- [Work item] Reproduce every record below word for word and include no pictures.

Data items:
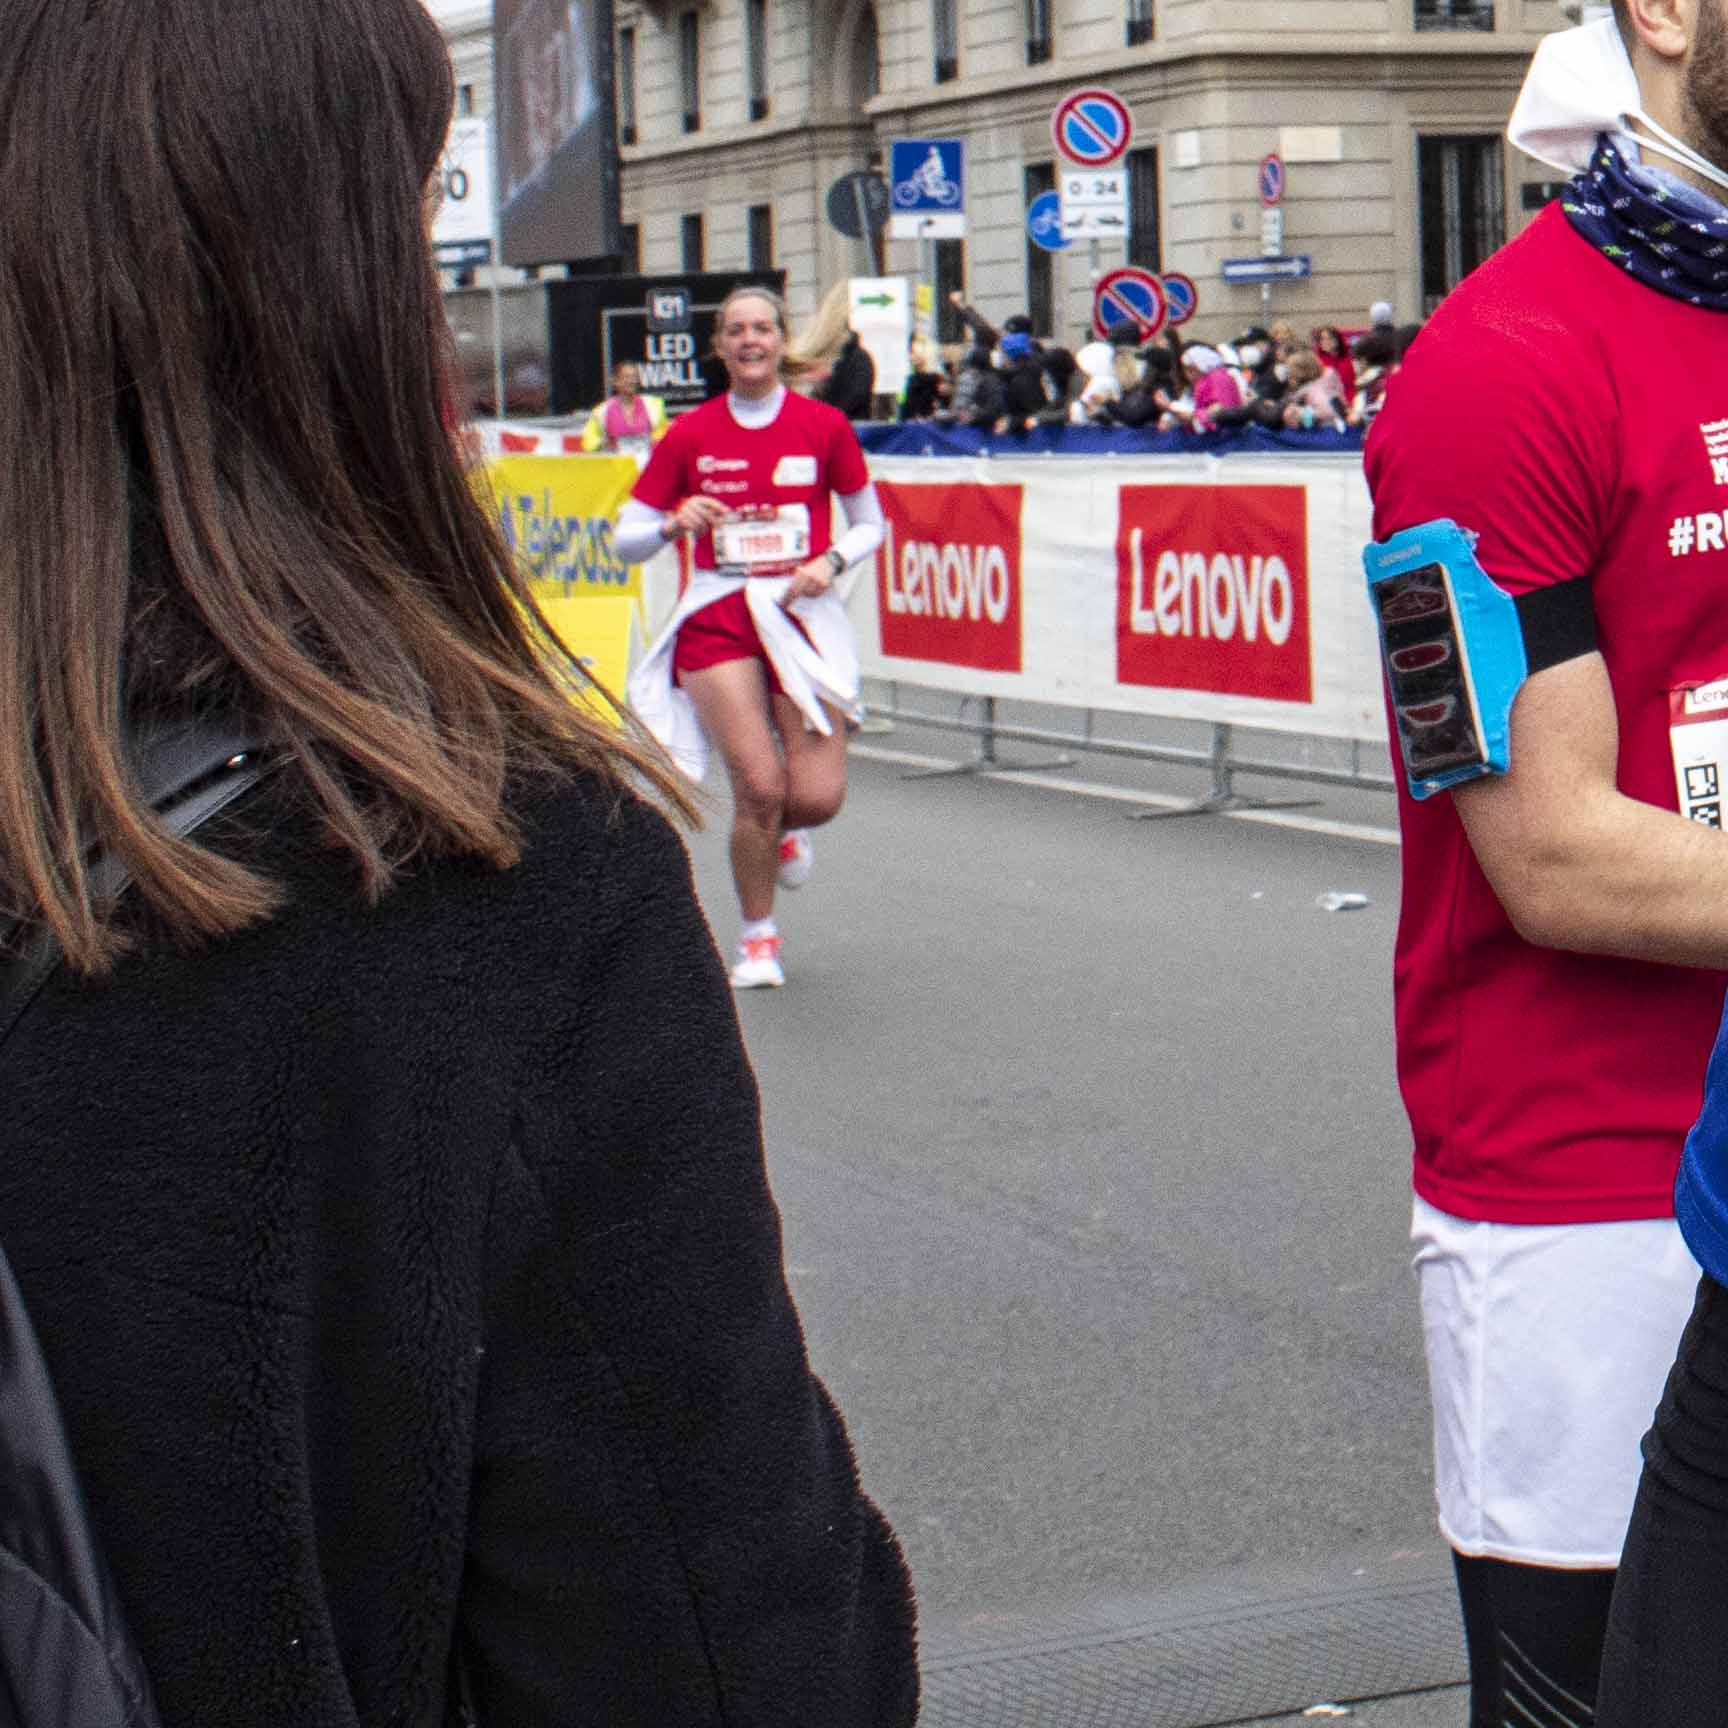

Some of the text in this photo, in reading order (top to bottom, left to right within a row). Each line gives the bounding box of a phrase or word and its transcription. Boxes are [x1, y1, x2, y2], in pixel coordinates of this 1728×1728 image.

[638, 360, 706, 388] WALL
[645, 333, 695, 361] LED
[882, 518, 1009, 625] Lenovo
[1130, 526, 1294, 647] Lenovo
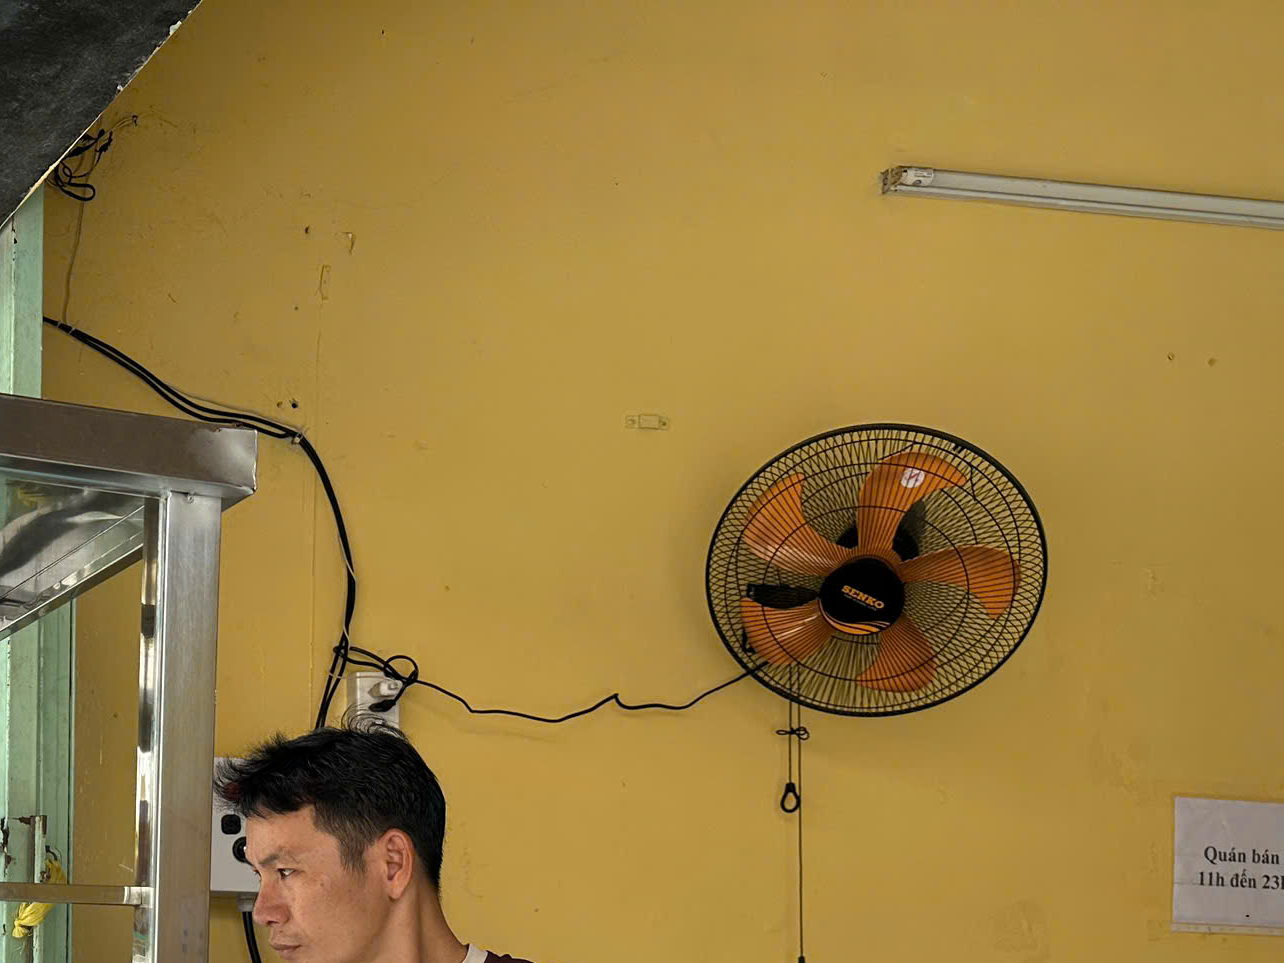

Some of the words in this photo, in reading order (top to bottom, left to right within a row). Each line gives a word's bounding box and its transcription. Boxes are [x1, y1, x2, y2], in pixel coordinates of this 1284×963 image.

- [Written response]
Some of the text in this photo, in reading order (top to bottom, left to right within a row). Each line gives the bounding box of a phrase or word and its transcription. Boxes are [x1, y1, x2, y2], in pixel coordinates of this 1728×1728 image.

[638, 360, 706, 388] WALL
[645, 333, 695, 361] LED
[882, 518, 1009, 625] Lenovo
[1130, 526, 1294, 647] Lenovo

Some of the words in this photo, in reading order (top to bottom, left to right within a row). Each line gives a word's bounding box and its transcription. Boxes are [x1, y1, x2, y2], in pixel coordinates of this 1284×963 image.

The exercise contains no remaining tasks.